Leave out the pictures and transcribe every entry below exactly.
• • • •
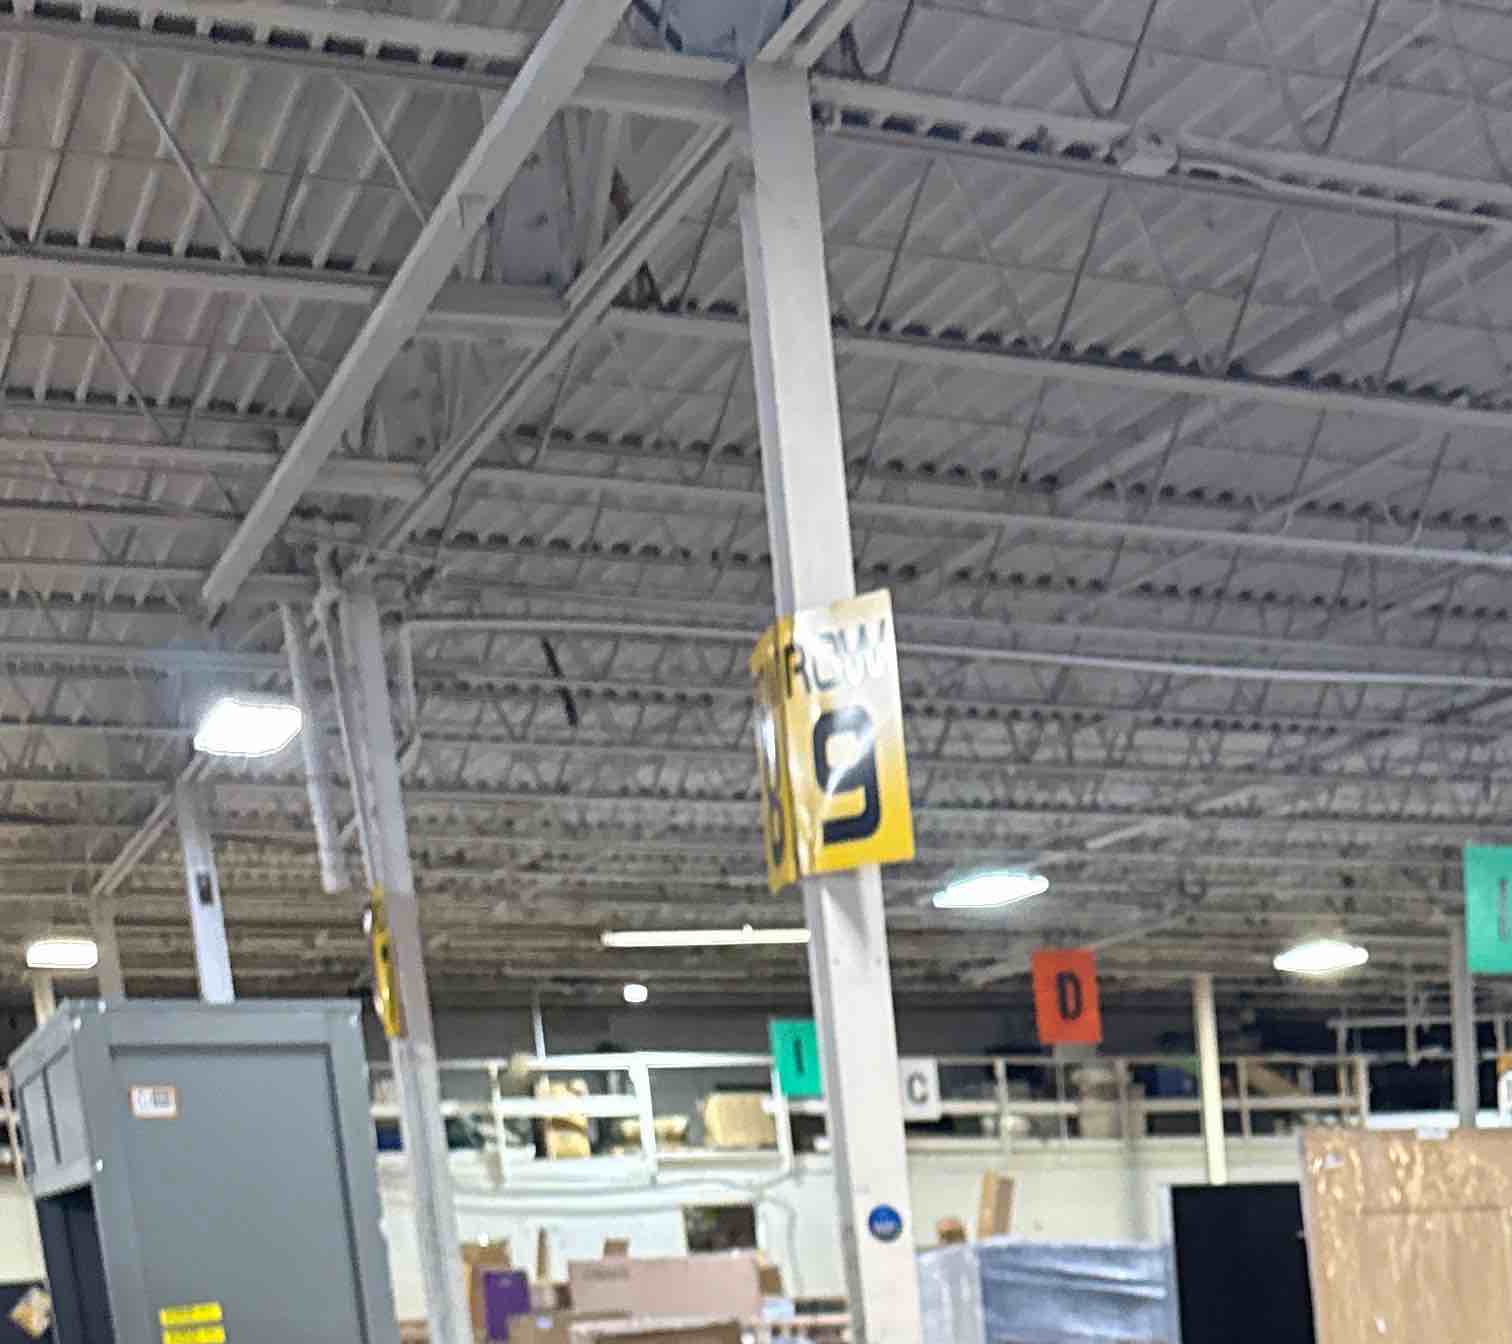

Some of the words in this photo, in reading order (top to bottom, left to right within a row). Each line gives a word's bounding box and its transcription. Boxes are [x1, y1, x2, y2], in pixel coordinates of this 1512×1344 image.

[813, 704, 881, 845] 9
[1056, 970, 1083, 1021] D
[906, 1071, 929, 1105] C
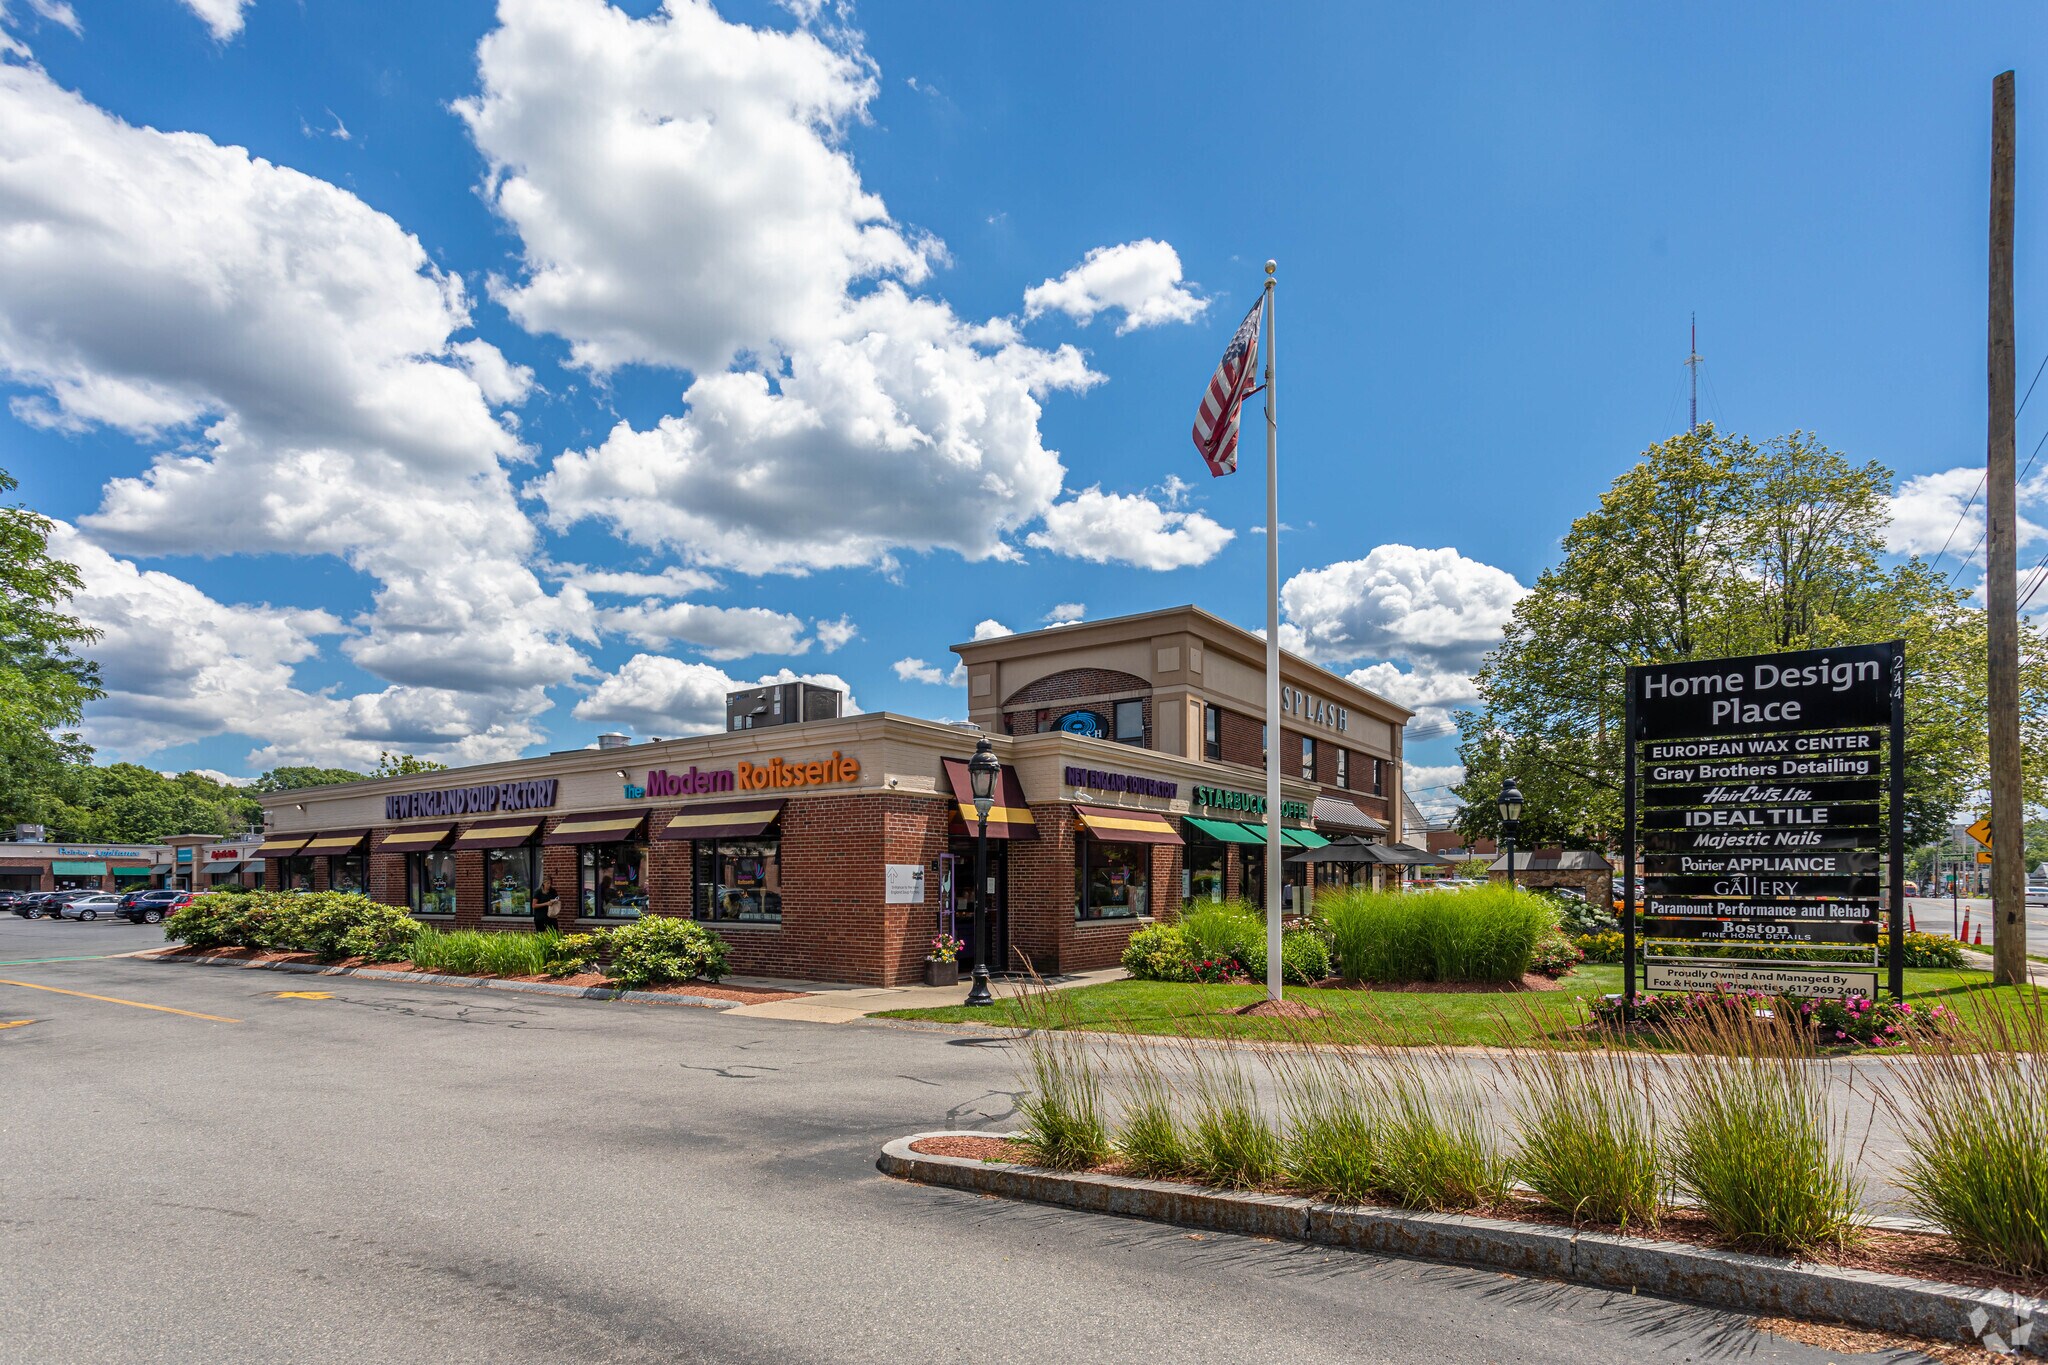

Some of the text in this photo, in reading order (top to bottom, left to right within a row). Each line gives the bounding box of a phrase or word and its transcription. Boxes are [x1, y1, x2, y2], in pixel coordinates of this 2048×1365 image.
• • • •
Task response |
Some of the words in this photo, in reading order (top to bottom, left to right within a row). Each line gives a word's bounding box and its transcription. Boxes are [x1, y1, x2, y2], in pixel coordinates of this 1512×1344 image.

[813, 704, 881, 845] 9
[1056, 970, 1083, 1021] D
[906, 1071, 929, 1105] C

Some of the text in this photo, in reading order (top to bottom, left to right within a row). Each line gives the bounding box of a phrase or word and its transcription. Boxes are [x1, y1, x2, y2], in pixel coordinates of this 2048×1365 image.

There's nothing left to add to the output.